__WHAT IS BEING ASKED__. Output the listing below verbatim.

__RAW DATA__.
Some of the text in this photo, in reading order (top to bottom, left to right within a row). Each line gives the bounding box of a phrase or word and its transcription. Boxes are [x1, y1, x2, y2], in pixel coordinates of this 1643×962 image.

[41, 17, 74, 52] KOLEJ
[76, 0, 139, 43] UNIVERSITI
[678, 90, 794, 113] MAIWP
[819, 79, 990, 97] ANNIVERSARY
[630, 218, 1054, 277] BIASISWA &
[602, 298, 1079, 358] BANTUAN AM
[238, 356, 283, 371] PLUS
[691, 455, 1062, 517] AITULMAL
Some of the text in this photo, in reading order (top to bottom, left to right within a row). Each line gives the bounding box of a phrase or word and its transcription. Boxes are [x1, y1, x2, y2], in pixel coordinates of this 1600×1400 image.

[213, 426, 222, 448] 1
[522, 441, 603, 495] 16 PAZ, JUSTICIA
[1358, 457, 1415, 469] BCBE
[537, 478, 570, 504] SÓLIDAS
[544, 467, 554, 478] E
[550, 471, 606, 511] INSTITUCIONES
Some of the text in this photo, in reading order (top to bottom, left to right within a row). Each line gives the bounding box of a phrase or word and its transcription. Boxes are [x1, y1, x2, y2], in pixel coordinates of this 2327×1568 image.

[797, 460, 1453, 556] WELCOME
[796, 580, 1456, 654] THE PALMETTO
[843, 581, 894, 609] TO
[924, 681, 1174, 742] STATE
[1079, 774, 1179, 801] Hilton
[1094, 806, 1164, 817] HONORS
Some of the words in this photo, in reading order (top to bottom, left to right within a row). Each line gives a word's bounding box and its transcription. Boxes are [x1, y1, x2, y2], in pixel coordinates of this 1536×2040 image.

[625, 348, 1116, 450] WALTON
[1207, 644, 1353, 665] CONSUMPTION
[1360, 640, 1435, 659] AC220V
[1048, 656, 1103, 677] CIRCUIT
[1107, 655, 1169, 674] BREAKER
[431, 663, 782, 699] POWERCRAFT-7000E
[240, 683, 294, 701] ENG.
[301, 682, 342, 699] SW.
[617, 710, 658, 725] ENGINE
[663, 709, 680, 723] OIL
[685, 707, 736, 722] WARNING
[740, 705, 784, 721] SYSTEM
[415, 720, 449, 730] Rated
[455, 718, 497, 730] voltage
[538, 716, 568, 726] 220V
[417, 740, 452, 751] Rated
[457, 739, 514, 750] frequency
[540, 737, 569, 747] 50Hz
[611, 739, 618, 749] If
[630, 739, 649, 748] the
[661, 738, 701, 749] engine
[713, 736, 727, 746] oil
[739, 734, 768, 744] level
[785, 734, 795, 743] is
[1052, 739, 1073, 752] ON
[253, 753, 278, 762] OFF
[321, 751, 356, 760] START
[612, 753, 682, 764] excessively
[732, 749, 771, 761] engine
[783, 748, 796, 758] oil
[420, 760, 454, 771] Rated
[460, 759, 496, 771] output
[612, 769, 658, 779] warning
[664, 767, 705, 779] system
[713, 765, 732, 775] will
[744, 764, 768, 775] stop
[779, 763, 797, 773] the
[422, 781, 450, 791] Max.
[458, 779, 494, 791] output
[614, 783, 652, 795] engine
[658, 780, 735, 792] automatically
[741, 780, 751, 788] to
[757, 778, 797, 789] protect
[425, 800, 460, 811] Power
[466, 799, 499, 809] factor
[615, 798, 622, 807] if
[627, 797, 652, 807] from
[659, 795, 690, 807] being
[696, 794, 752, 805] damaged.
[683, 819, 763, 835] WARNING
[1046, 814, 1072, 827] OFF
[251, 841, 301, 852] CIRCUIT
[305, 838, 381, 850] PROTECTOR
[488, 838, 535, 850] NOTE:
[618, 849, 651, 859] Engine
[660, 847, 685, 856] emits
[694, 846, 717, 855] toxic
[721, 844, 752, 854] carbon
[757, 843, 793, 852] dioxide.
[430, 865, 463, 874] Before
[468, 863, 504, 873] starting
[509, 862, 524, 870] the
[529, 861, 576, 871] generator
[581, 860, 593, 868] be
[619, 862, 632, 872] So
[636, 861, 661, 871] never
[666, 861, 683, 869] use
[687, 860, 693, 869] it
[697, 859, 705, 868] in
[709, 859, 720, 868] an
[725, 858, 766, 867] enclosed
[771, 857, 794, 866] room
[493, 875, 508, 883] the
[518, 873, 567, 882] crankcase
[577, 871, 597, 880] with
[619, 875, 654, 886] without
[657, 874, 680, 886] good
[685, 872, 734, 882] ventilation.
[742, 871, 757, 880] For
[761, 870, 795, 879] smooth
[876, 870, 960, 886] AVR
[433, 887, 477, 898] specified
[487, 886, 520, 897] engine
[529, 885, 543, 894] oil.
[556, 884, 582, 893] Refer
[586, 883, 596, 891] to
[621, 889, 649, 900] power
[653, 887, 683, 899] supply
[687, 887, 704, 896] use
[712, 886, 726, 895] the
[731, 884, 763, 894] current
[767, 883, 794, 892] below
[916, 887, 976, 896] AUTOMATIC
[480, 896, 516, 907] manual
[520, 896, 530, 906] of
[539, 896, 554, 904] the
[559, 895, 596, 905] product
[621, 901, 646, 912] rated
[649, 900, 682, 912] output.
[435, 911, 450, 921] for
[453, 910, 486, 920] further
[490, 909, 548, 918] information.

__EXERCISE ANSWER__.
Some of the text in this photo, in reading order (top to bottom, left to right within a row). Each line gives the bounding box of a phrase or word and its transcription. Boxes are [x1, y1, x2, y2], in pixel coordinates of this 1643×962 image.

[41, 17, 74, 52] KOLEJ
[76, 0, 139, 43] UNIVERSITI
[678, 90, 794, 113] MAIWP
[819, 79, 990, 97] ANNIVERSARY
[630, 218, 1054, 277] BIASISWA &
[602, 298, 1079, 358] BANTUAN AM
[238, 356, 283, 371] PLUS
[691, 455, 1062, 517] AITULMAL
Some of the text in this photo, in reading order (top to bottom, left to right within a row). Each line gives the bounding box of a phrase or word and its transcription. Boxes are [x1, y1, x2, y2], in pixel coordinates of this 1600×1400 image.

[213, 426, 222, 448] 1
[522, 441, 603, 495] 16 PAZ, JUSTICIA
[1358, 457, 1415, 469] BCBE
[537, 478, 570, 504] SÓLIDAS
[544, 467, 554, 478] E
[550, 471, 606, 511] INSTITUCIONES
Some of the text in this photo, in reading order (top to bottom, left to right within a row). Each line gives the bounding box of a phrase or word and its transcription. Boxes are [x1, y1, x2, y2], in pixel coordinates of this 2327×1568 image.

[797, 460, 1453, 556] WELCOME
[796, 580, 1456, 654] THE PALMETTO
[843, 581, 894, 609] TO
[924, 681, 1174, 742] STATE
[1079, 774, 1179, 801] Hilton
[1094, 806, 1164, 817] HONORS
Some of the words in this photo, in reading order (top to bottom, left to right within a row). Each line gives a word's bounding box and its transcription. Boxes are [x1, y1, x2, y2], in pixel coordinates of this 1536×2040 image.

[625, 348, 1116, 450] WALTON
[1207, 644, 1353, 665] CONSUMPTION
[1360, 640, 1435, 659] AC220V
[1048, 656, 1103, 677] CIRCUIT
[1107, 655, 1169, 674] BREAKER
[431, 663, 782, 699] POWERCRAFT-7000E
[240, 683, 294, 701] ENG.
[301, 682, 342, 699] SW.
[617, 710, 658, 725] ENGINE
[663, 709, 680, 723] OIL
[685, 707, 736, 722] WARNING
[740, 705, 784, 721] SYSTEM
[415, 720, 449, 730] Rated
[455, 718, 497, 730] voltage
[538, 716, 568, 726] 220V
[417, 740, 452, 751] Rated
[457, 739, 514, 750] frequency
[540, 737, 569, 747] 50Hz
[611, 739, 618, 749] If
[630, 739, 649, 748] the
[661, 738, 701, 749] engine
[713, 736, 727, 746] oil
[739, 734, 768, 744] level
[785, 734, 795, 743] is
[1052, 739, 1073, 752] ON
[253, 753, 278, 762] OFF
[321, 751, 356, 760] START
[612, 753, 682, 764] excessively
[732, 749, 771, 761] engine
[783, 748, 796, 758] oil
[420, 760, 454, 771] Rated
[460, 759, 496, 771] output
[612, 769, 658, 779] warning
[664, 767, 705, 779] system
[713, 765, 732, 775] will
[744, 764, 768, 775] stop
[779, 763, 797, 773] the
[422, 781, 450, 791] Max.
[458, 779, 494, 791] output
[614, 783, 652, 795] engine
[658, 780, 735, 792] automatically
[741, 780, 751, 788] to
[757, 778, 797, 789] protect
[425, 800, 460, 811] Power
[466, 799, 499, 809] factor
[615, 798, 622, 807] if
[627, 797, 652, 807] from
[659, 795, 690, 807] being
[696, 794, 752, 805] damaged.
[683, 819, 763, 835] WARNING
[1046, 814, 1072, 827] OFF
[251, 841, 301, 852] CIRCUIT
[305, 838, 381, 850] PROTECTOR
[488, 838, 535, 850] NOTE:
[618, 849, 651, 859] Engine
[660, 847, 685, 856] emits
[694, 846, 717, 855] toxic
[721, 844, 752, 854] carbon
[757, 843, 793, 852] dioxide.
[430, 865, 463, 874] Before
[468, 863, 504, 873] starting
[509, 862, 524, 870] the
[529, 861, 576, 871] generator
[581, 860, 593, 868] be
[619, 862, 632, 872] So
[636, 861, 661, 871] never
[666, 861, 683, 869] use
[687, 860, 693, 869] it
[697, 859, 705, 868] in
[709, 859, 720, 868] an
[725, 858, 766, 867] enclosed
[771, 857, 794, 866] room
[493, 875, 508, 883] the
[518, 873, 567, 882] crankcase
[577, 871, 597, 880] with
[619, 875, 654, 886] without
[657, 874, 680, 886] good
[685, 872, 734, 882] ventilation.
[742, 871, 757, 880] For
[761, 870, 795, 879] smooth
[876, 870, 960, 886] AVR
[433, 887, 477, 898] specified
[487, 886, 520, 897] engine
[529, 885, 543, 894] oil.
[556, 884, 582, 893] Refer
[586, 883, 596, 891] to
[621, 889, 649, 900] power
[653, 887, 683, 899] supply
[687, 887, 704, 896] use
[712, 886, 726, 895] the
[731, 884, 763, 894] current
[767, 883, 794, 892] below
[916, 887, 976, 896] AUTOMATIC
[480, 896, 516, 907] manual
[520, 896, 530, 906] of
[539, 896, 554, 904] the
[559, 895, 596, 905] product
[621, 901, 646, 912] rated
[649, 900, 682, 912] output.
[435, 911, 450, 921] for
[453, 910, 486, 920] further
[490, 909, 548, 918] information.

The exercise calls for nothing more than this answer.